世界中の主流メディアの放送局は、軍の無能力さのためなのか、諜報の失敗のためなのか、それとも、その両方なのかという疑問で一杯だ。バイデン国務省のアフガニスタン和平担当特別代表アフガニスタン生まれのザルメイ・ハリルザドの役割は調査する価値がある。父親ブッシュ政権で、1984年から、アメリカの戦略的外交政策を方向づけ、現地でのアメリカ戦争時に、アフガニスタン、イラク両国のアメリカ大使で、現在の大失敗でも鍵となる人物であるアフガニスタン生まれの70歳の工作員に対するメディアの注目は驚くほどわずかだ。
謎につつまれたハリルザド
アフガニスタンで生まれ、高校まで育った民族的にパシュトゥーン人のハリルザドは、彼が息子ブッシュの下で、アメリカの戦略教義の「予防戦争」急進的転換の設計者だった時以来、今展開しているアフガニスタン・ドラマでも、おそらく鍵となる当事者だ。彼は1980年代、アフガニスタンでの、CIAによるタリバン・ムジャヒディーン・イスラム主義者(ロシアで禁止されている組織)訓練から、2001年のアメリカによるアフガニスタン侵略や、タリバンとのドーハ協定や、現在の悲惨な崩壊に至るまで、アメリカのアフガニスタン政策の全段階に関係していた。

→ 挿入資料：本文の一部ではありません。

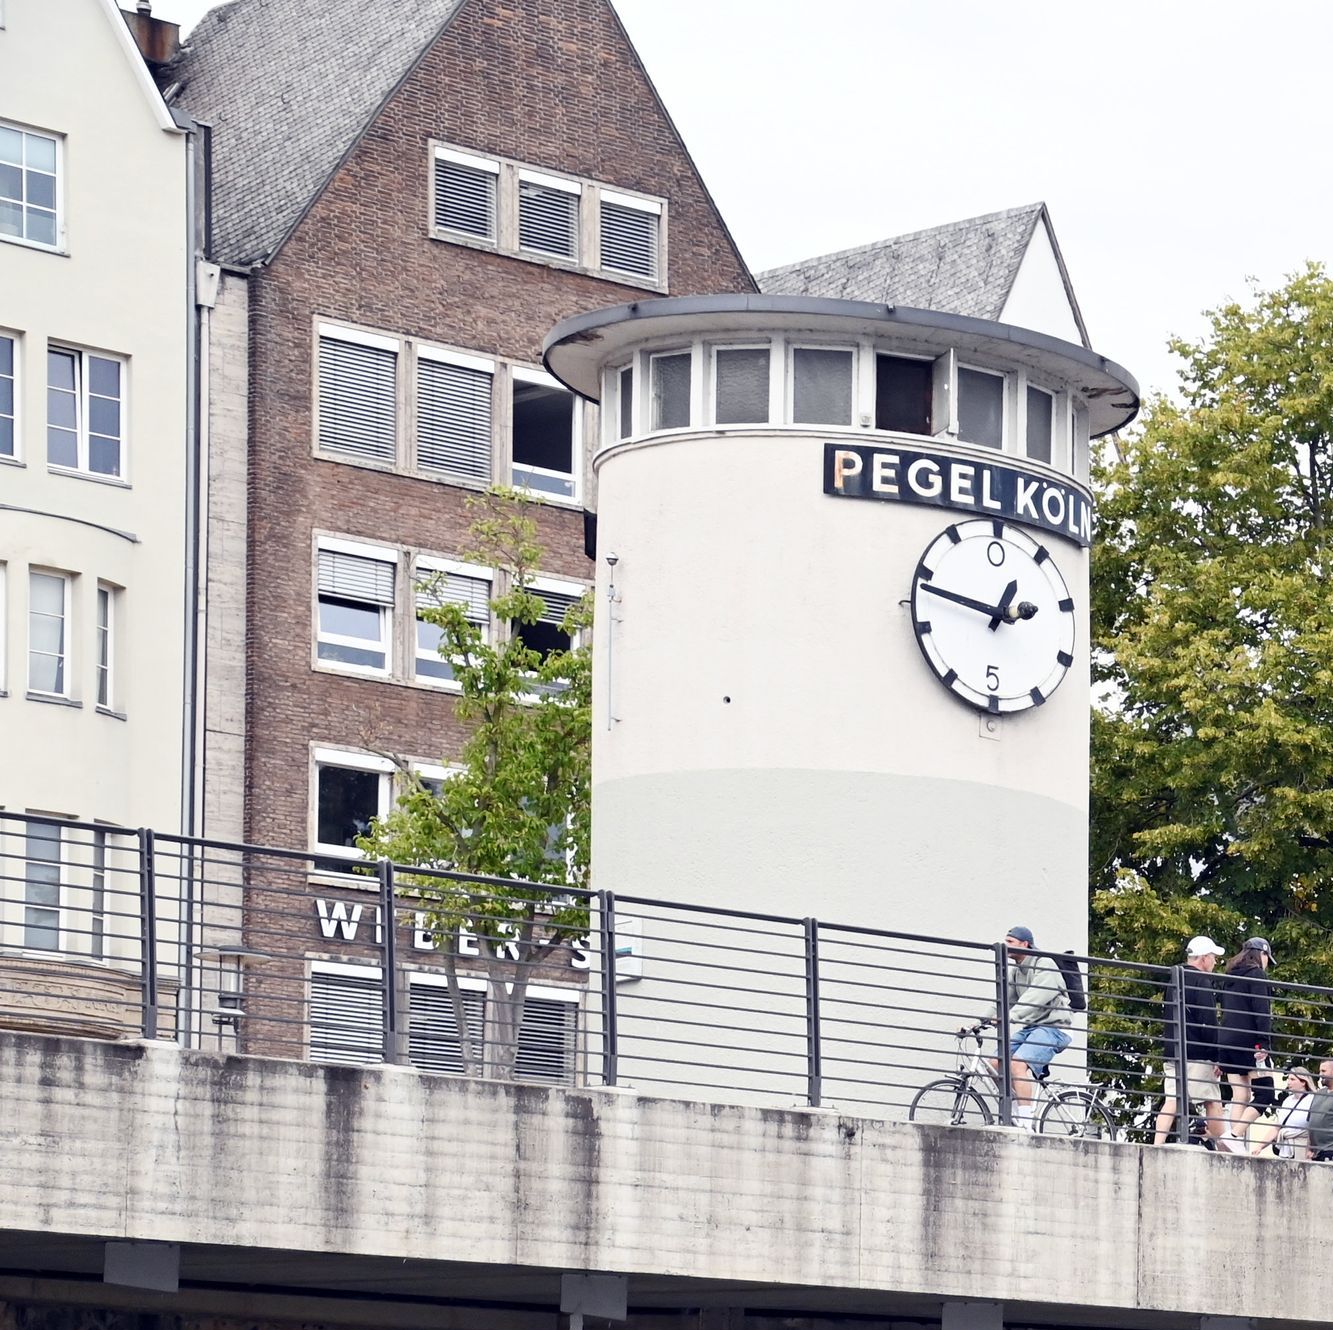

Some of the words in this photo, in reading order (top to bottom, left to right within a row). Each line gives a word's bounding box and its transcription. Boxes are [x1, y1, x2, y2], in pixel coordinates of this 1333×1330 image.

[834, 450, 1002, 510] PEGEL
[1017, 477, 1092, 543] KÖLN
[986, 665, 1000, 691] 5

1992年5月8日の「ニューヨーク・タイムズ」は、後に国防長官ディック・チェイニーの部下の国防総省当局者にちなんで、ウォルフォウィッツ・ドクトリンと呼ばれるようになった漏洩した国防総省草案について報じた。ポール・ウォルフォウィッツは、ソ連崩壊後、チェイニーから新たなアメリカの世界的軍事姿勢を立案する任務を課されていた。タイムズの漏洩によれば、書類は「アメリカは世界唯一の超大国になるべきであり、ドイツや日本などの同盟国でさえ、アメリカの経済的、軍事的支配権に挑戦するのを阻止すべく、積極的行動をとらなければならない」と論じていた。それは更に「潜在的競争相手が、より広い地域的、世界的役割を熱望さえするのを阻止するための仕組みを維持しければならない。」と述べていた。それは事実上、一方的帝国主義宣言だった。

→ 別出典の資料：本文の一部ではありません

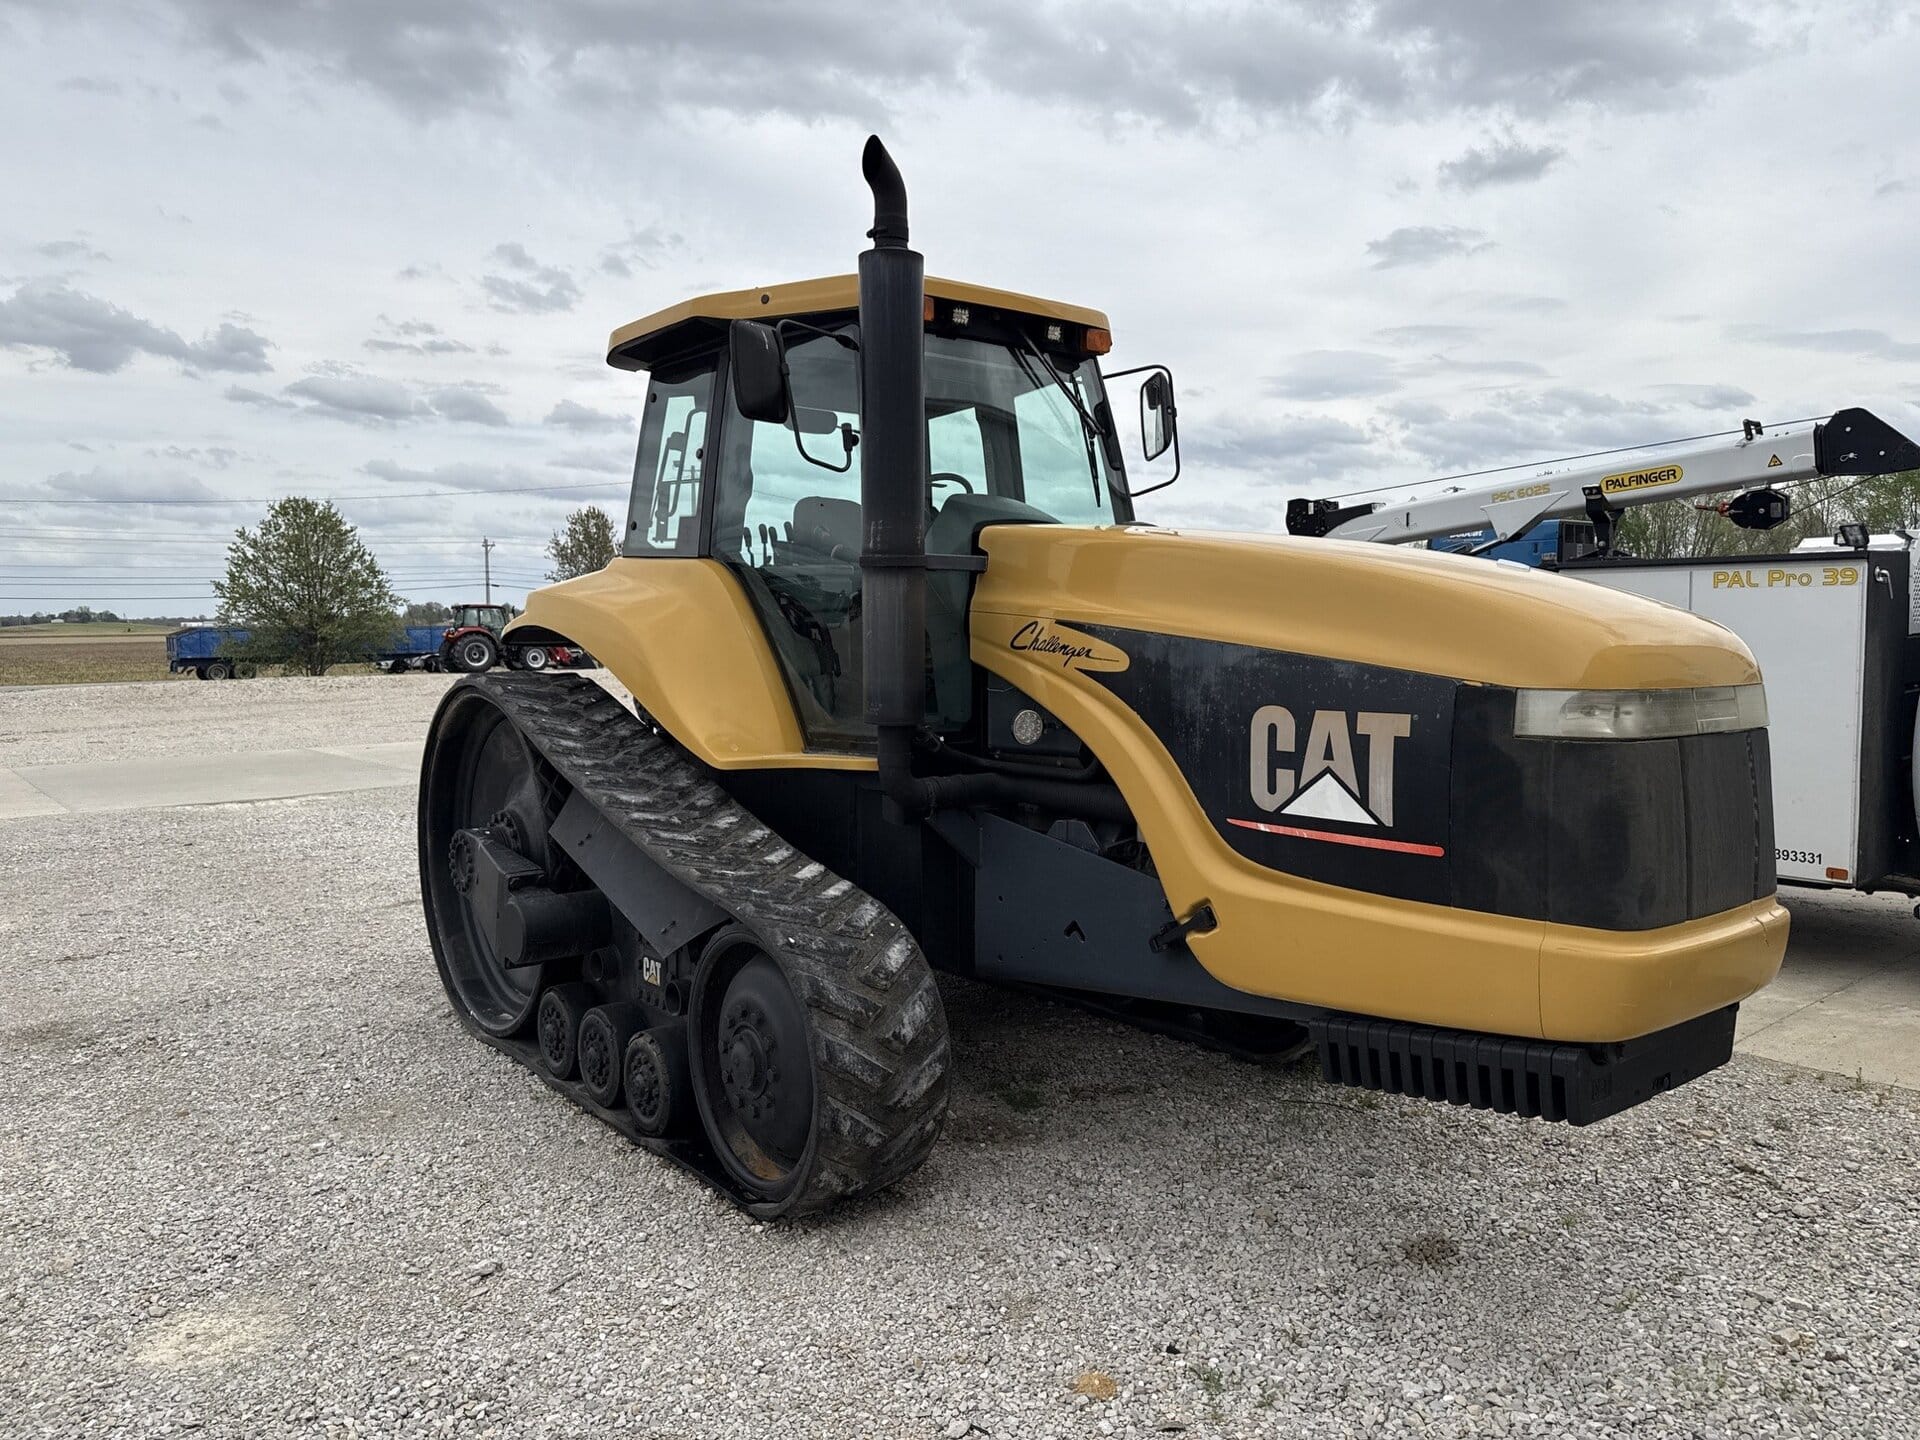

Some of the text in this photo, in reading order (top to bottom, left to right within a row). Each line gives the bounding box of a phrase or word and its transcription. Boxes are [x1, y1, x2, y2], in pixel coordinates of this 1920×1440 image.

[1516, 483, 1550, 498] 6025
[1605, 469, 1677, 491] PALFINGER
[1713, 567, 1859, 588] PAL Pro 39
[1010, 620, 1119, 667] Challenger
[1250, 705, 1412, 828] CAT
[642, 956, 661, 986] CAT

当時、ザルメイ・ハリルザドは、ウォルフォウィッツの下で国防省の政策計画次官補として働いており、そこで彼は、シカゴ大学でのハリルザドの博士号教授、ランド研究所のネオコン主義の「名付け親」アルフレッド・ウォールステッターを含め、ウォルフォウィッツや外部コンサルタントと働き、新たな教義を立案する課題を与えられていた。ウォルフォウィッツも、ウールステッター下、シカゴ大学で学んだことがあった。この集団は、いわゆるネオコン・タカ派の核になった。ハリルザドは、かつてチェイニーが個人的に、ハリルザドに「君は世界における我々の役割について、新たな理論的根拠を発見した。」と言って、若いアフガニスタン人が果たした戦略文書への貢献を評価したとされている。その「発見」は世界における、アメリカの役割を悲惨な形で変えることになった。

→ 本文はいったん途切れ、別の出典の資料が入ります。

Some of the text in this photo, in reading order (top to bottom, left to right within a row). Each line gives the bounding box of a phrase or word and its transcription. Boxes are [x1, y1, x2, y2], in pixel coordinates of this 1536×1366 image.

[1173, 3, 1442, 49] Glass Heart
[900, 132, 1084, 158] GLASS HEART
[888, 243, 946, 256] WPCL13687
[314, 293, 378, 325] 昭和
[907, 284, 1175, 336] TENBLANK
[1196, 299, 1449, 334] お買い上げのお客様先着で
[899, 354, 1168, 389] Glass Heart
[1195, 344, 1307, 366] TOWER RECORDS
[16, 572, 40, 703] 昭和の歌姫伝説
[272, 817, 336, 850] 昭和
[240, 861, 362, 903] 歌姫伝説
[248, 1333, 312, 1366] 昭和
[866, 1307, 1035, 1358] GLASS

大いに物議をかもしたハリルザドの政策提案は、後にブッシュ・ホワイトハウスが発表した文書から削除されていたが、ブッシュ・ジュニア下で、「予防戦争」としても知られるが、ブッシュ教義として、10年後に再び現れ、アメリカのアフガニスタン侵略や、後にイラク侵略を正当化するために使われた。
副大統領がディック・チェイニーだった、息子ブッシュは、アフガニスタン人補佐官、ザルメイ・ハリルザドに促されて、アフガニスタンのタリバン政権による保護下で、911攻撃の構築者と名指された人物オサマ・ビンラディンが隠れているのだから、タリバンを罰しなければならないという口実を使って、2001年10月、アフガニスタン侵略を始めた。2001年5月、911の約4カ月前、ブッシュの国家安全保障担当補佐官コンドリーザ・ライスは、ハリルザドを「南西アジア・近東・北アフリカ担当大統領特別補佐官」に指名していた。「他の地域問題」が大きくなるはずだったのだ。
ハリルザドは、国防省のブッシュ-チェイニー政権移行作業チームを率いた。20年前、彼の影響力は巨大だったが、世間の目からは、ほとんど隠されていた。ハリルザドの前の上司ウォルフォウィッツは、息子ブッシュの国防省で、ナンバー2で、ハリルザドの前のコンサルテーションの顧客ドン・ラムズフェルドは国防長官だった。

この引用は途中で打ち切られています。